[Excerpts from a dataset]
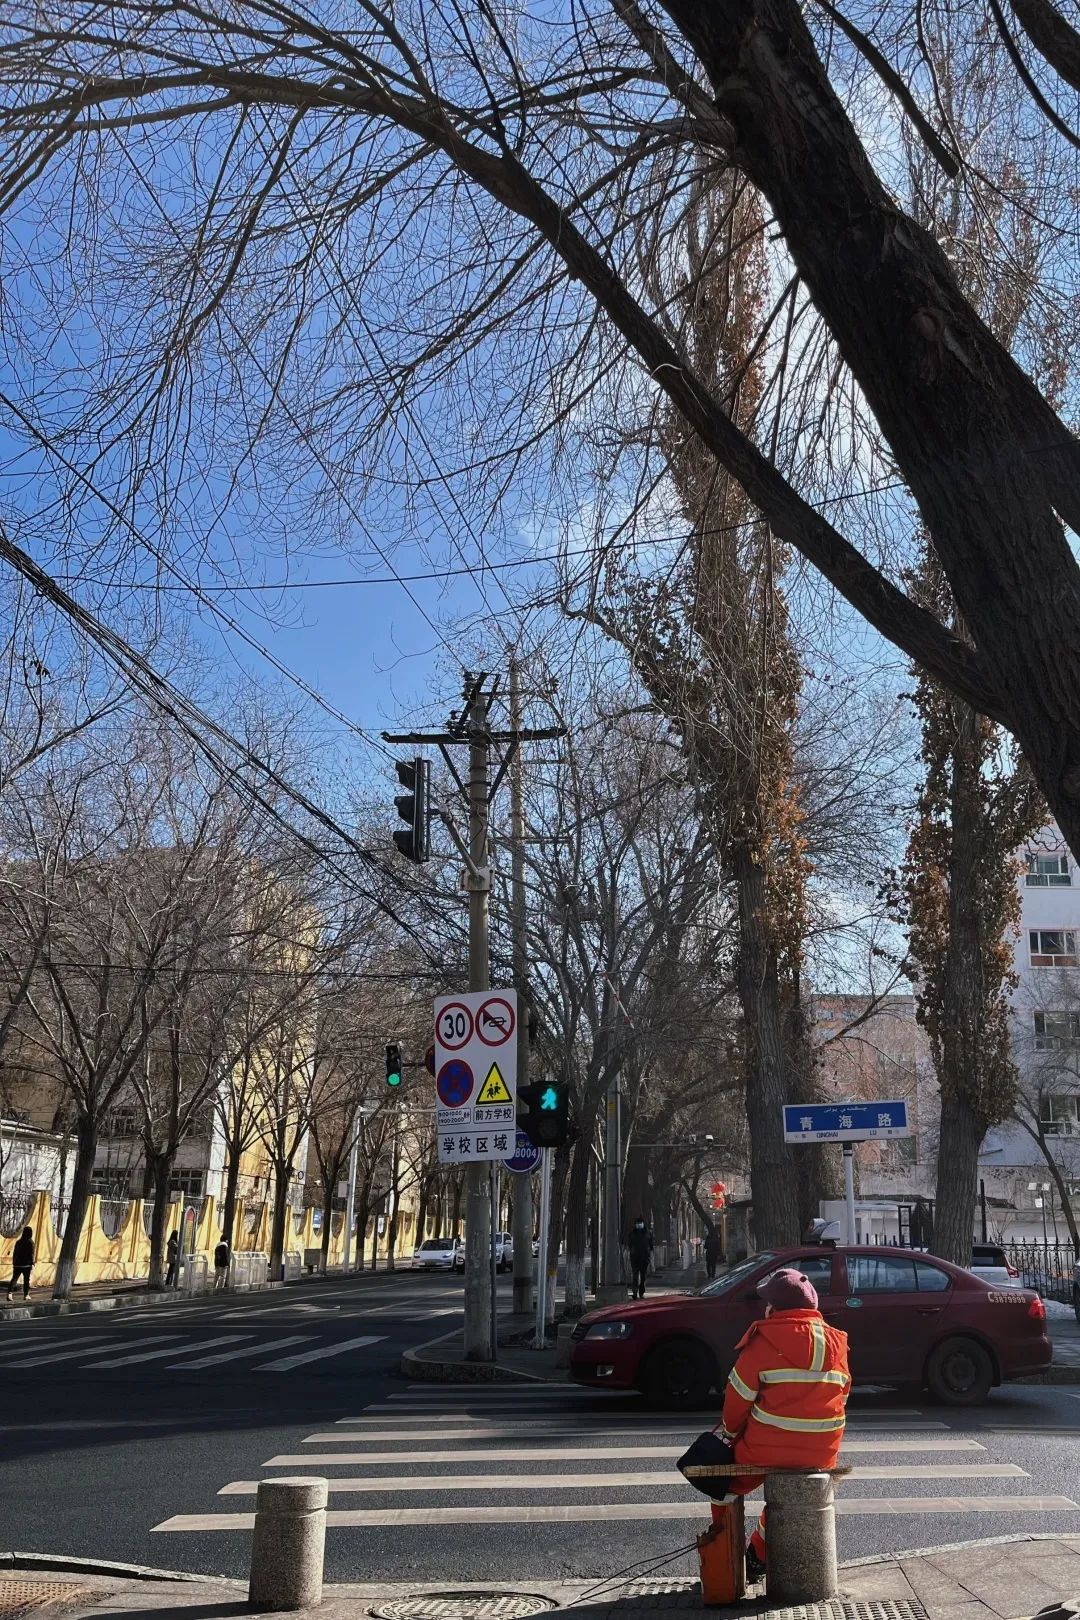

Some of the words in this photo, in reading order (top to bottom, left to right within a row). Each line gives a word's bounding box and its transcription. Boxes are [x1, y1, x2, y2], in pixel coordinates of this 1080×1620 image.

[444, 1013, 465, 1039] 30
[475, 1108, 512, 1120] 前方学校
[800, 1113, 892, 1130] 青海路
[443, 1134, 508, 1154] 学校区域
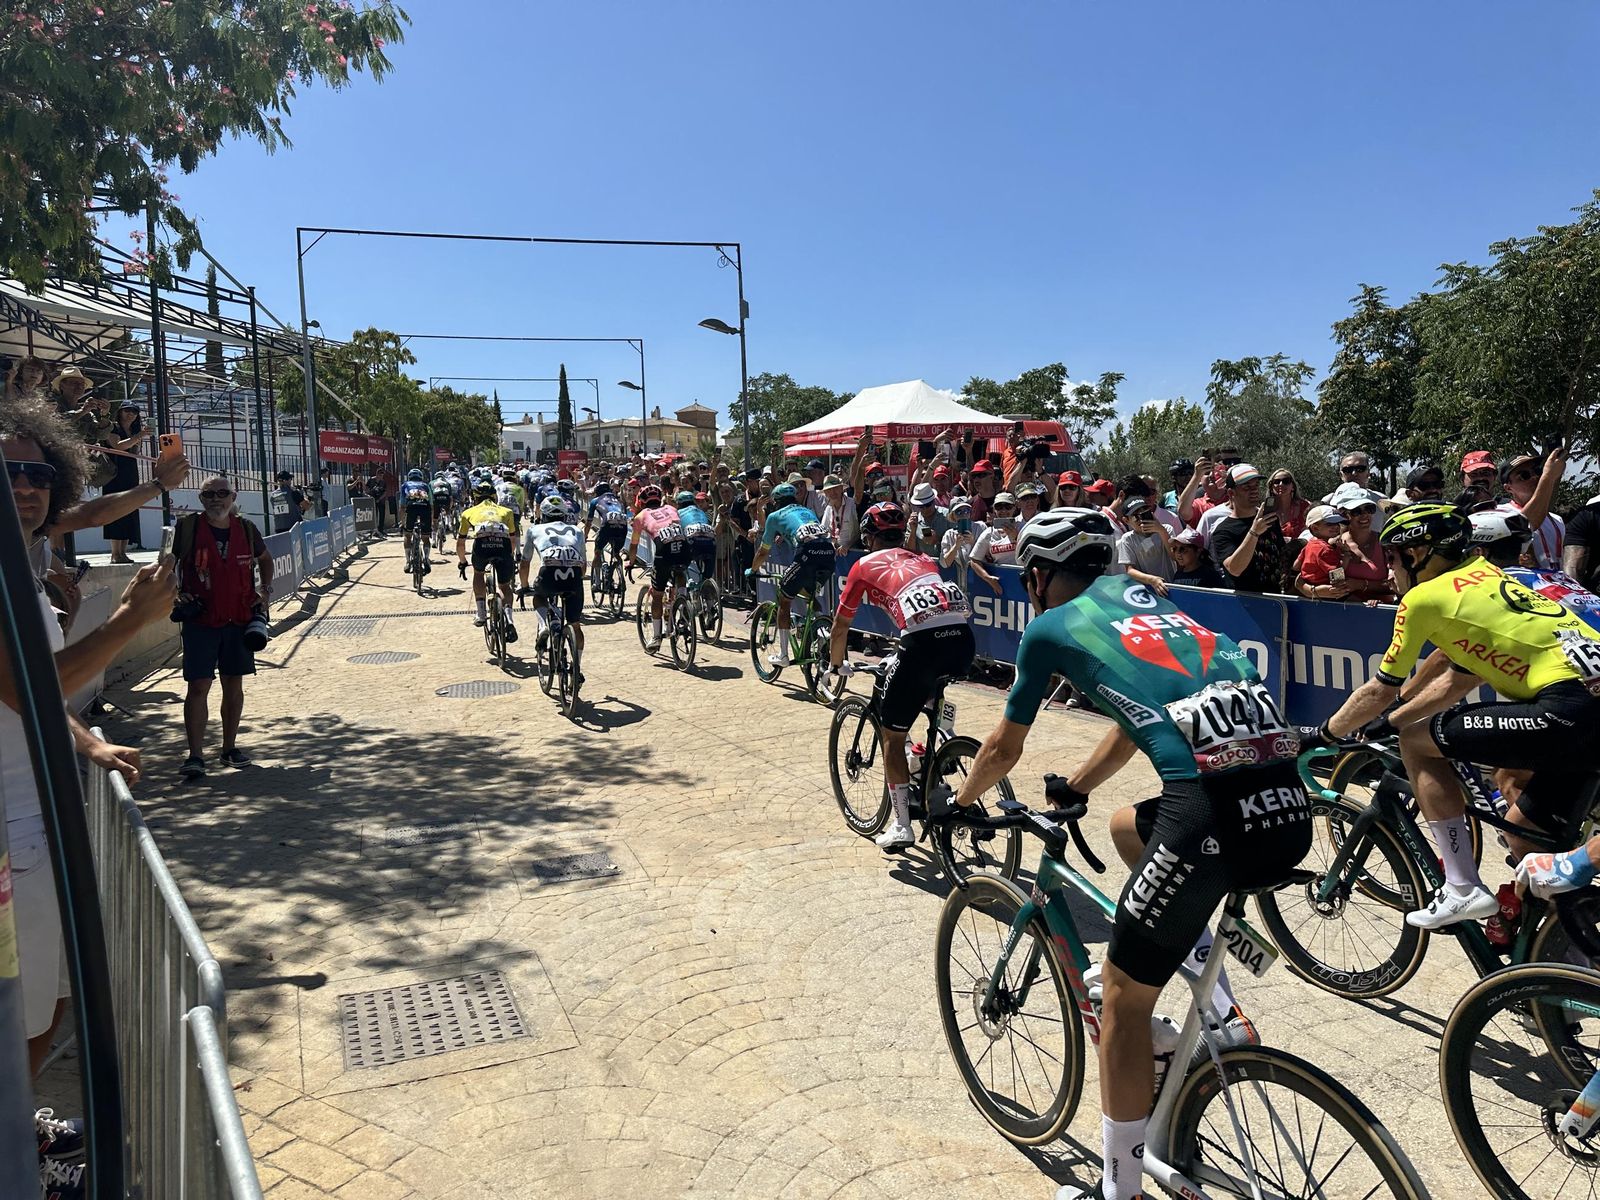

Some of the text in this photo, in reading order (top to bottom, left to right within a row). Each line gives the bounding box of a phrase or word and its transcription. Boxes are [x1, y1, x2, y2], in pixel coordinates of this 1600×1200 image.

[895, 425, 926, 435] TIENDA
[323, 445, 365, 456] ORGANIZACIÓN
[367, 446, 389, 457] TOCOLO
[670, 541, 683, 552] EF
[870, 588, 899, 618] Cofidis
[905, 588, 940, 613] 183
[934, 630, 962, 639] Cofidis
[1384, 602, 1409, 665] ARKEA
[1452, 637, 1532, 682] ARKEA
[941, 702, 955, 722] 183
[1098, 686, 1154, 724] FINISHER
[1463, 715, 1549, 731] B&B HOTELS
[1238, 786, 1306, 819] KERN
[1123, 842, 1180, 920] KERN
[1144, 862, 1195, 929] PHARMA
[1226, 929, 1267, 976] 204

- PROMPT -
What must be transcribed is the run of lines from the one containing "Some of the text" to the last line of the data above, inclusive, and only that.

- SOLUTION FOR THIS TASK -
Some of the text in this photo, in reading order (top to bottom, left to right within a row). Each line gives the bounding box of a phrase or word and its transcription. Boxes are [x1, y1, x2, y2], in pixel coordinates of this 1600×1200 image.

[895, 425, 926, 435] TIENDA
[323, 445, 365, 456] ORGANIZACIÓN
[367, 446, 389, 457] TOCOLO
[670, 541, 683, 552] EF
[870, 588, 899, 618] Cofidis
[905, 588, 940, 613] 183
[934, 630, 962, 639] Cofidis
[1384, 602, 1409, 665] ARKEA
[1452, 637, 1532, 682] ARKEA
[941, 702, 955, 722] 183
[1098, 686, 1154, 724] FINISHER
[1463, 715, 1549, 731] B&B HOTELS
[1238, 786, 1306, 819] KERN
[1123, 842, 1180, 920] KERN
[1144, 862, 1195, 929] PHARMA
[1226, 929, 1267, 976] 204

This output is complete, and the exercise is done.